La Russie et l’Ouzbékistan ont annoncé hier un renforcement de leurs liens dans de nombreux domaines, à l’occasion d’une visite du président Vladimir Poutine dans ce pays d’Asie centrale, deux ans après la mort de son autoritaire dirigeant Islam Karimov. L’économie, les hydrocarbures, l’industrie textile, la culture, la santé, les sciences, l’éducation et les programmes spatiaux feront l’objet d’une coopération renforcée, ont décidé M. Poutine et son homologue ouzbek Chavkat Mirzioïev à l’issue de pourparlers à Tachkent.
M. Mirzioïev a engagé depuis son arrivée au pouvoir il y a deux ans d’importantes réformes économiques et politiques en donnant des signes d’assouplissement du régime.

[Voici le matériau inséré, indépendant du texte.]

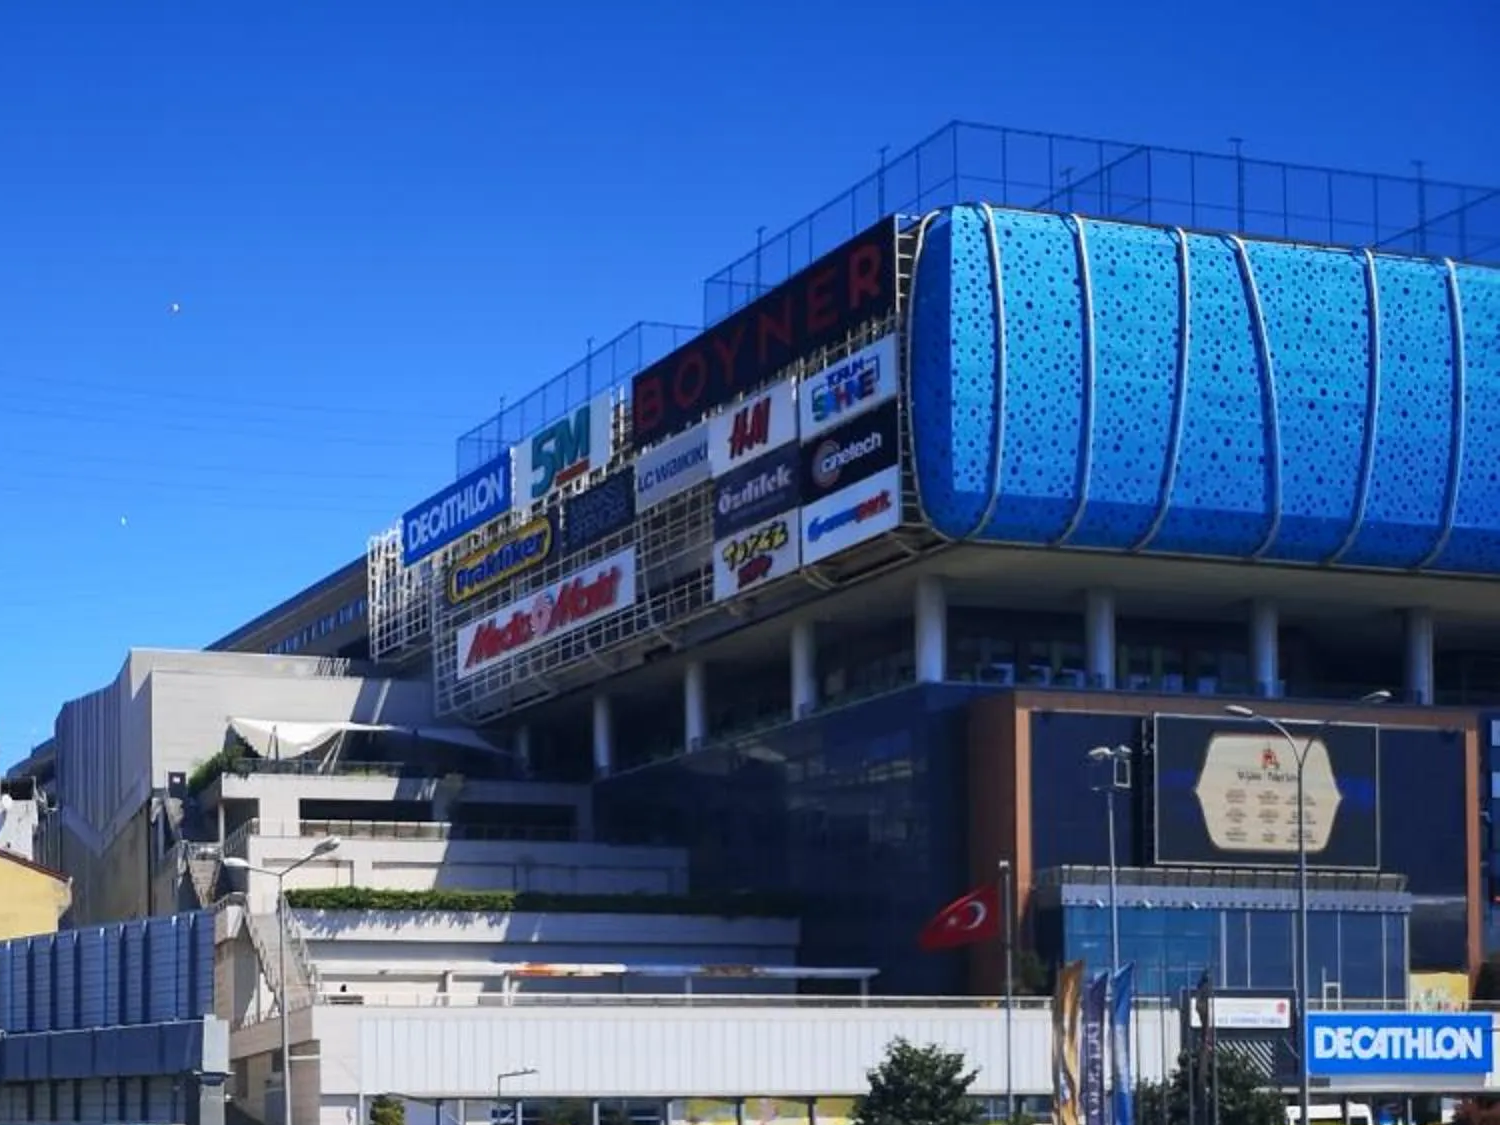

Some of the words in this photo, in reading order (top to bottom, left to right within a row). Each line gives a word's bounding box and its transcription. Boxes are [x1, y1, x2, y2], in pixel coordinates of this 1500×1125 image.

[634, 243, 883, 434] BOYNER
[407, 465, 505, 550] DECATHLON
[1313, 1025, 1484, 1061] DECATHLON
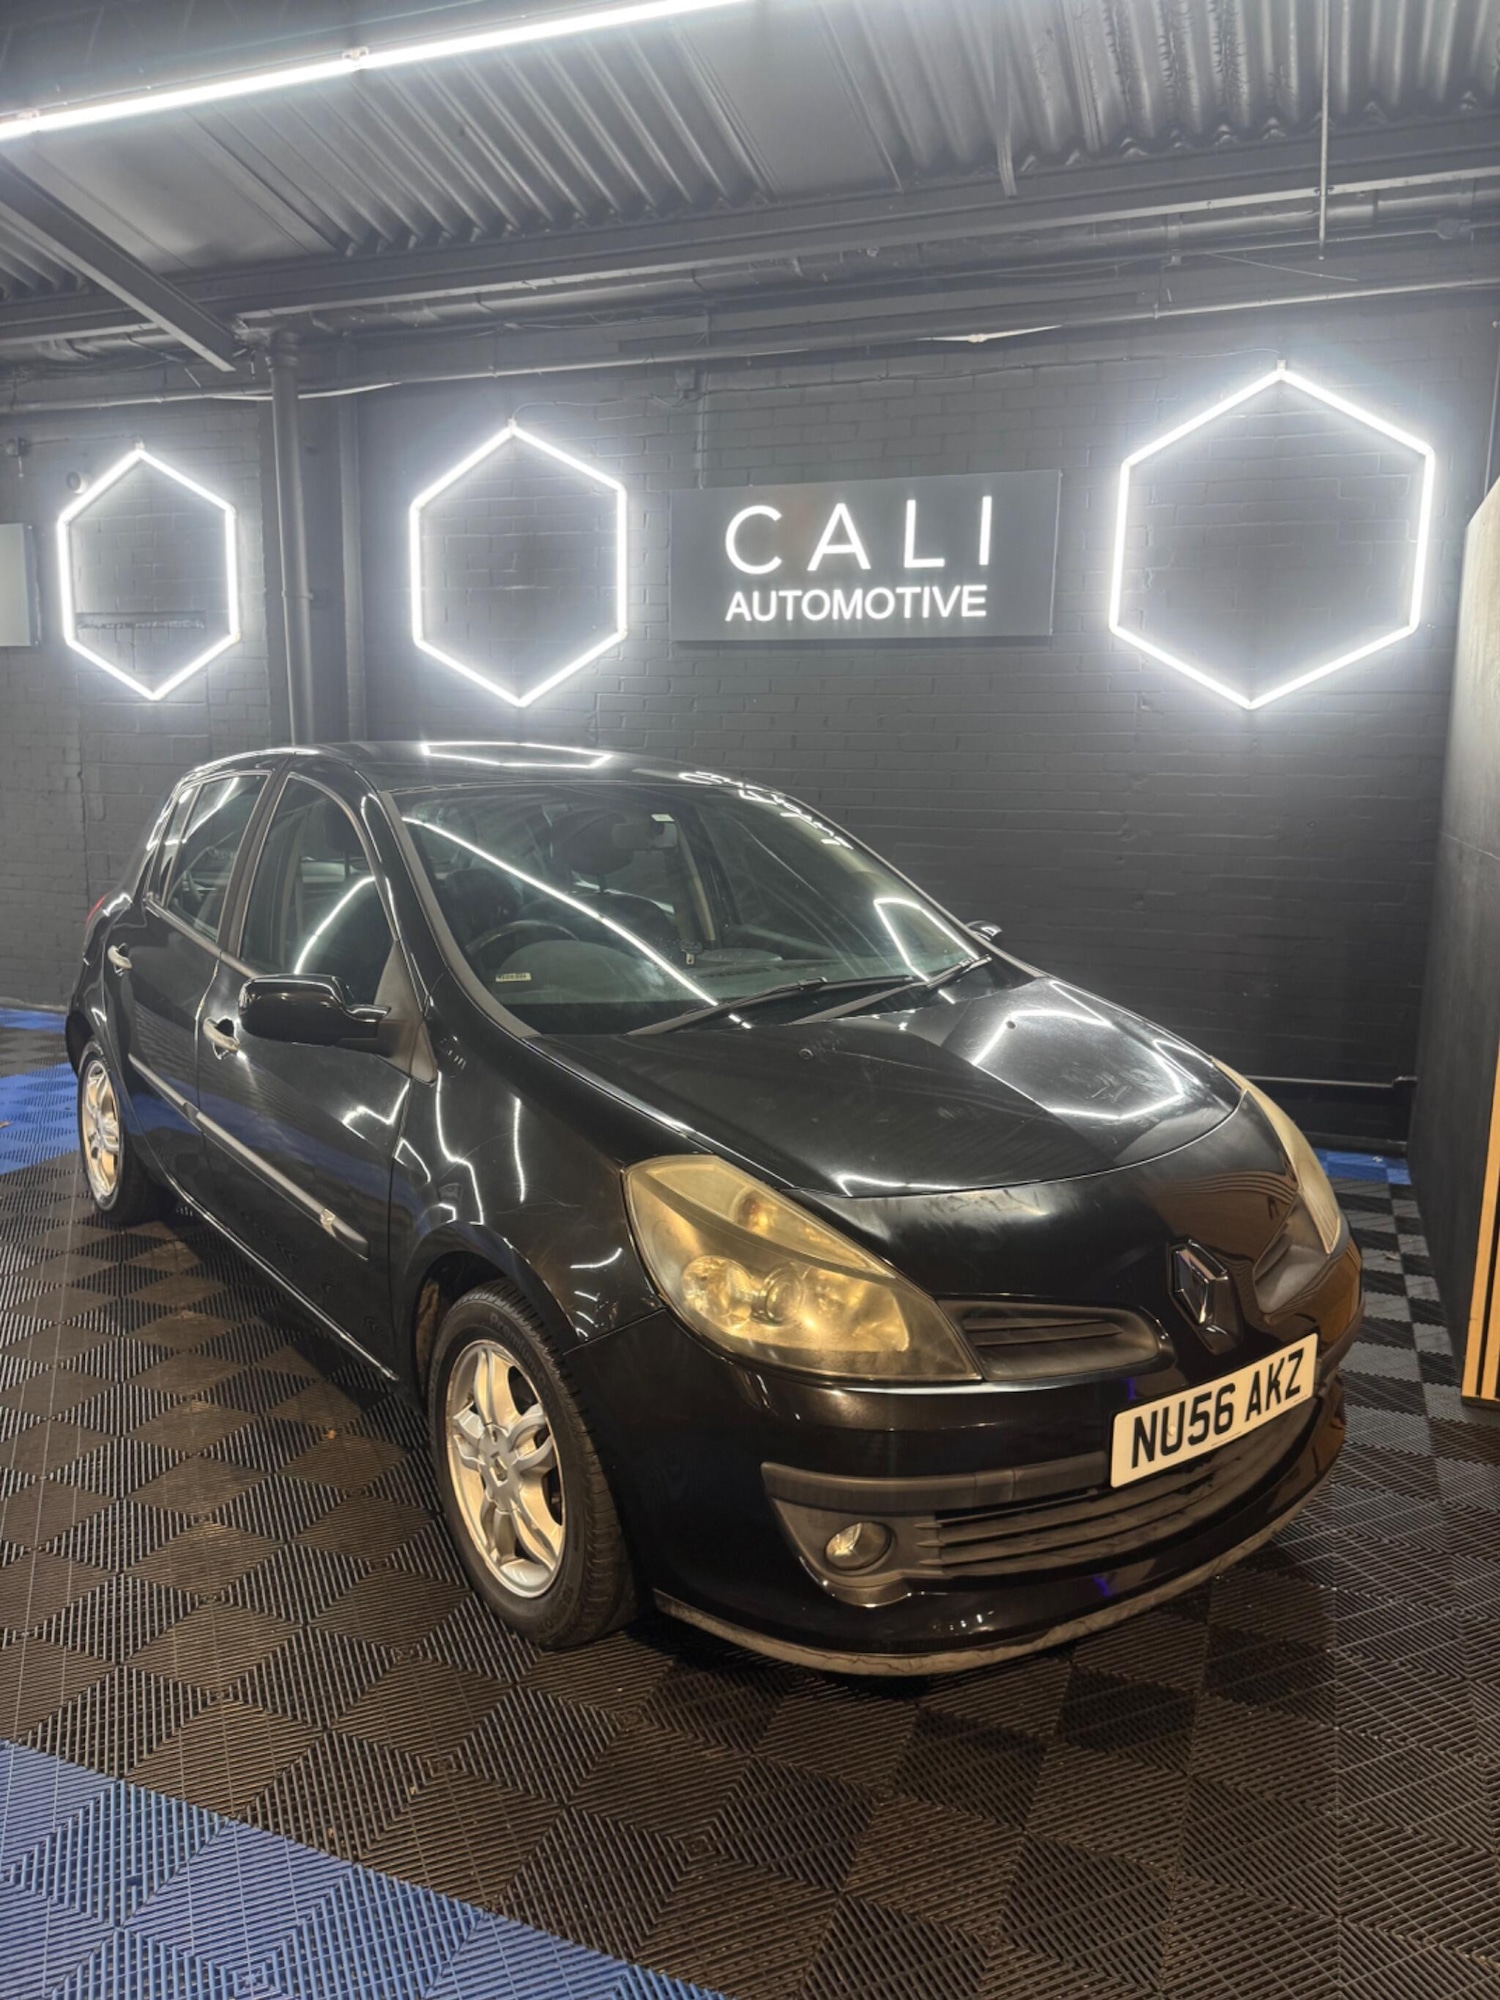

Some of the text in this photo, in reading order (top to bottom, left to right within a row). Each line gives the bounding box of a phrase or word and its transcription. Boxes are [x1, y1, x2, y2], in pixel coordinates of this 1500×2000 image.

[724, 495, 993, 575] CALI
[725, 585, 988, 622] AUTOMOTIVE
[1131, 1347, 1305, 1470] NU56 AKZ
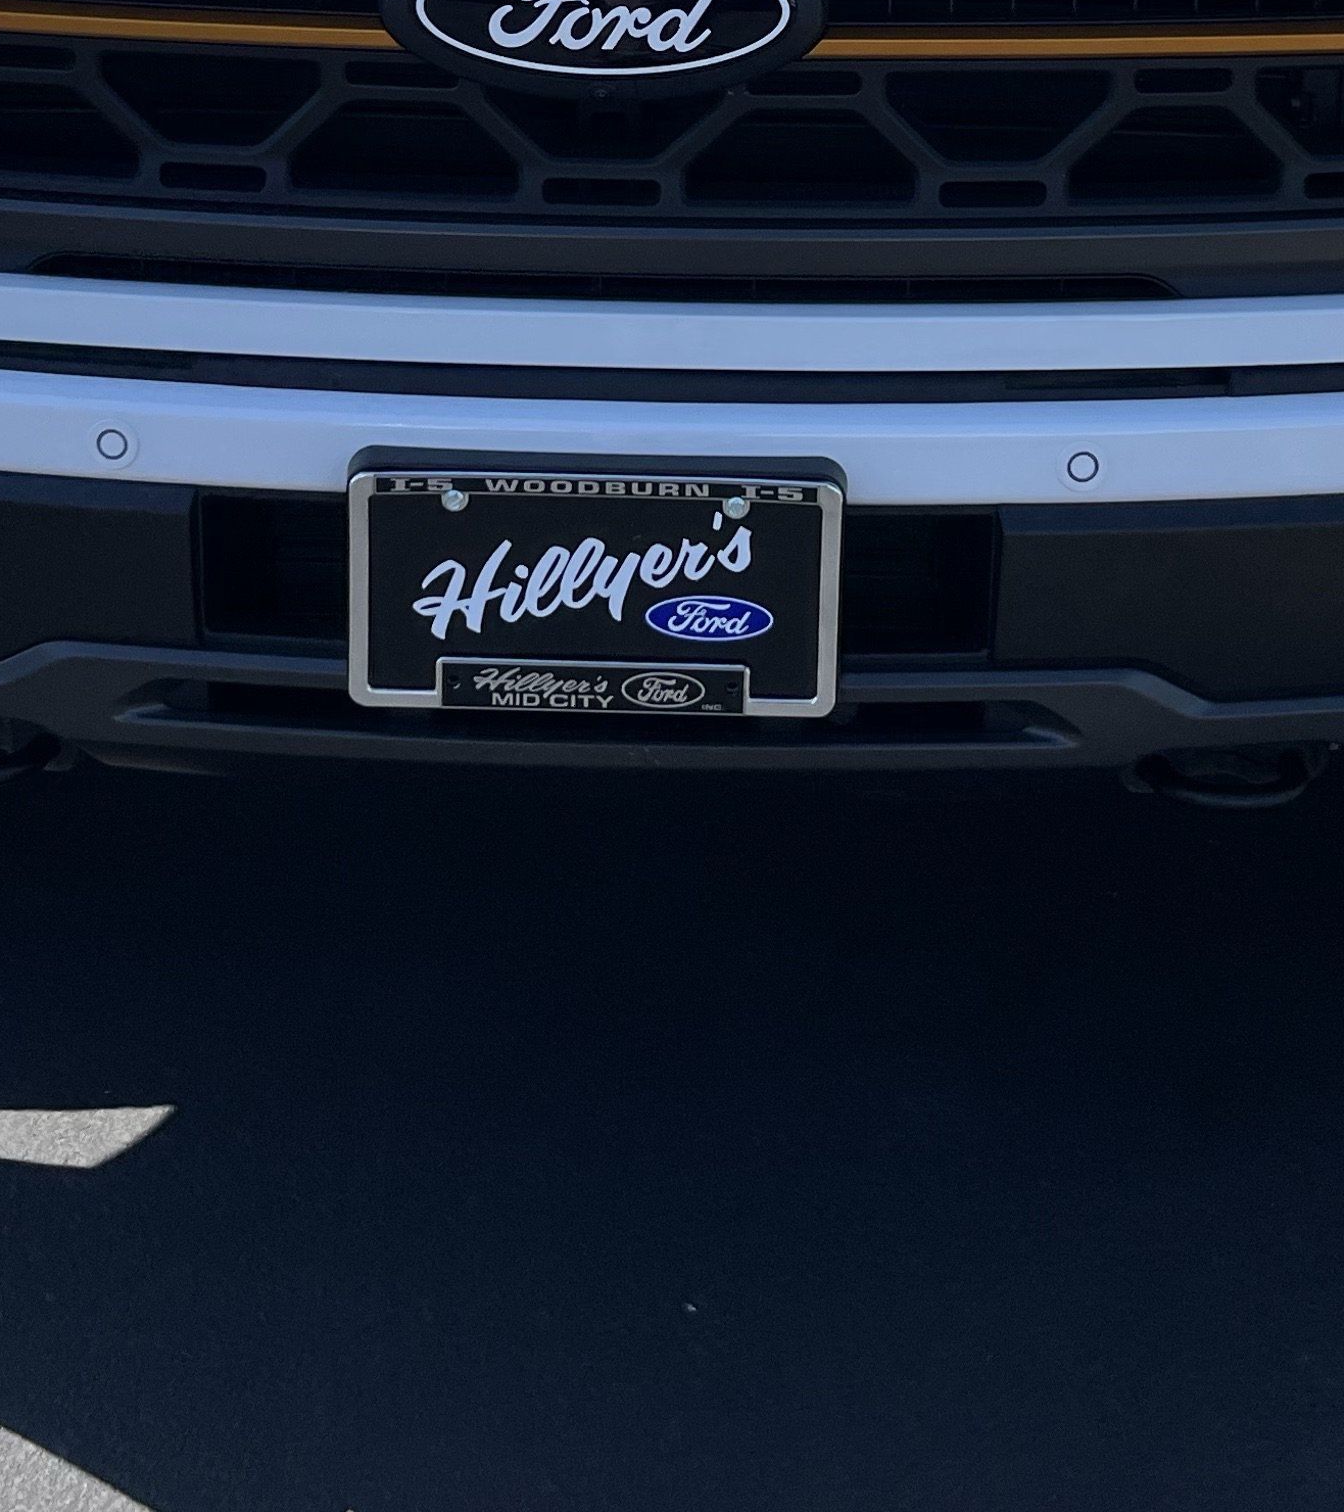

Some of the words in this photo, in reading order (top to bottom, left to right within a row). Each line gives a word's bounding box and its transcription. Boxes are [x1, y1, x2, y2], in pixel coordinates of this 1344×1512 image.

[390, 477, 454, 492] I-5
[485, 478, 710, 498] WOODBURN
[740, 484, 804, 502] I-5
[412, 511, 752, 640] Hillyer's
[667, 602, 750, 635] Ford
[473, 667, 609, 698] Hillyer's
[637, 677, 689, 703] Ford
[491, 692, 540, 707] MID
[549, 693, 614, 709] CITY
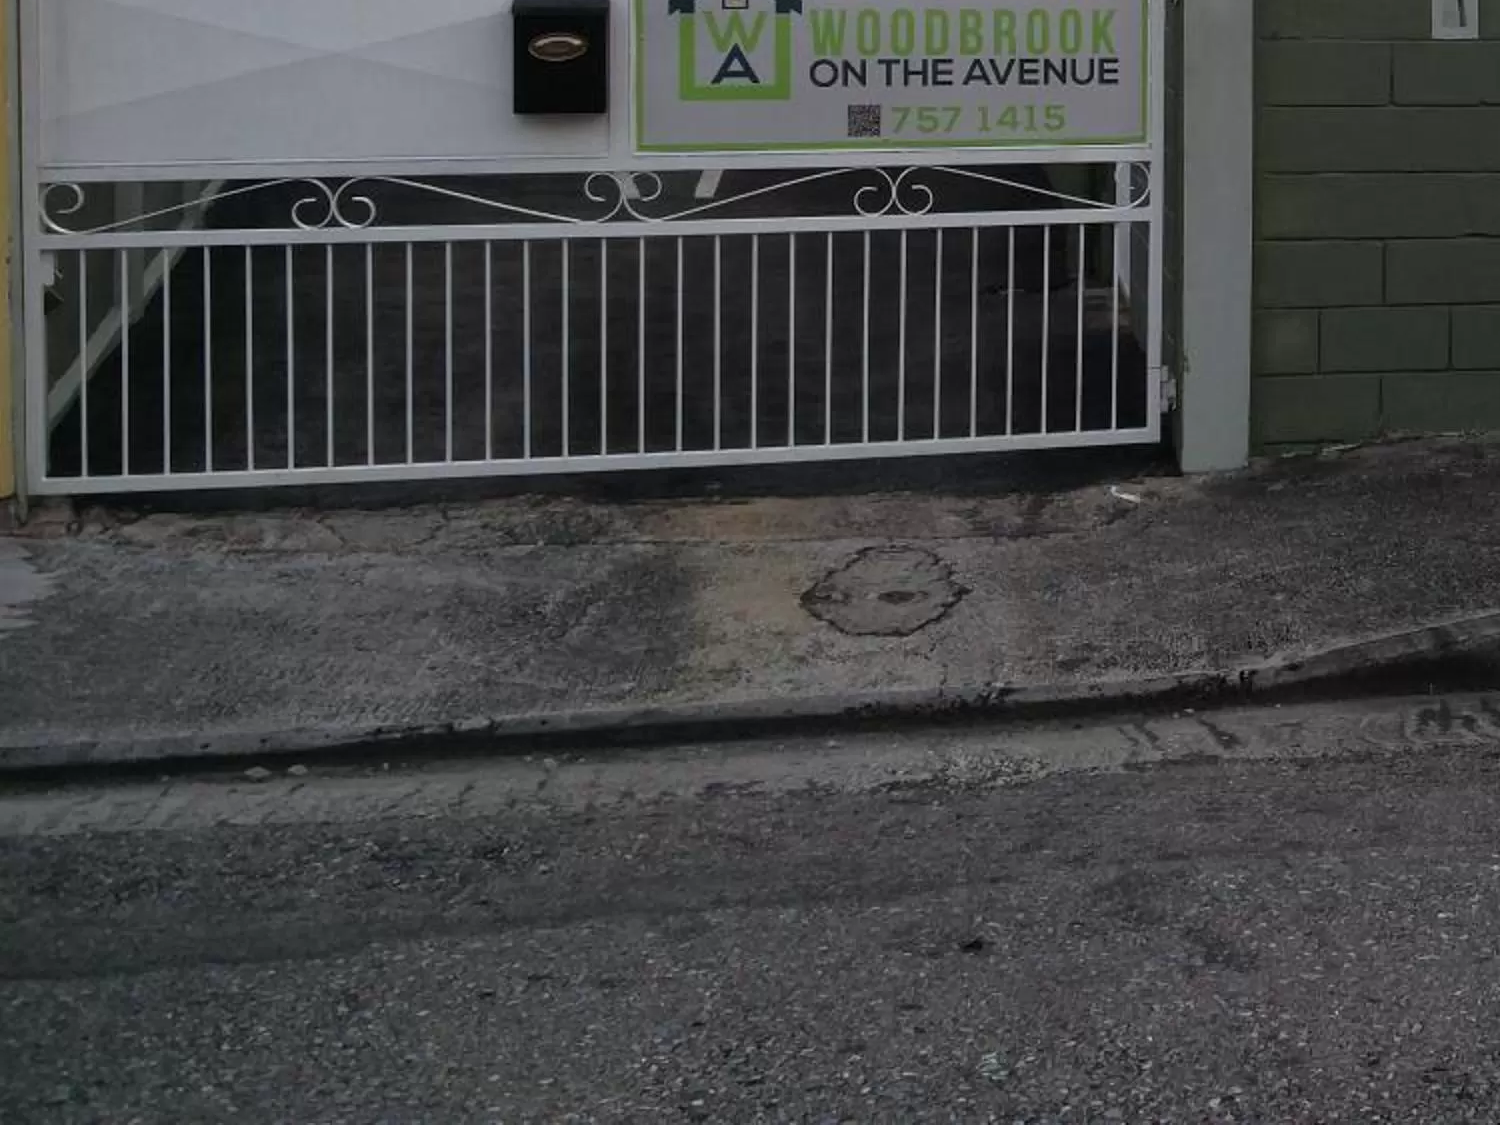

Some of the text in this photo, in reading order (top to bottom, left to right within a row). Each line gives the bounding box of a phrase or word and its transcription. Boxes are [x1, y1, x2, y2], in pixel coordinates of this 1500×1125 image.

Il cherche notamment à attirer en Ouzbékistan les investissements et les touristes étrangers après des années d’isolement.
Un forum économique russo-ouzbek de deux jours, qui s’est tenu à Tachkent jeudi et hier, a été marqué par la signature d’accords bilatéraux pour un montant total de 27,1 milliards de dollars, selon le ministère de l’Économie ouzbek. Les deux présidents ont notamment lancé le coup d’envoi, via vidéoconférence, de la construction de la première centrale nucléaire d’Ouzbékistan confiée au groupe nucléaire russe Rosatom. Mais celui-ci et son partenaire ouzbek doivent encore procéder à l’examen de plusieurs terrains considérés comme « prioritaires » afin d’en choisir un pour le chantier. La centrale, qui doit fournir environ 20 % de l’électricité consommée dans le pays, a notamment pour objectif de permettre à l’Ouzbékistan d’utiliser moins de gaz et d’en augmenter les exportations.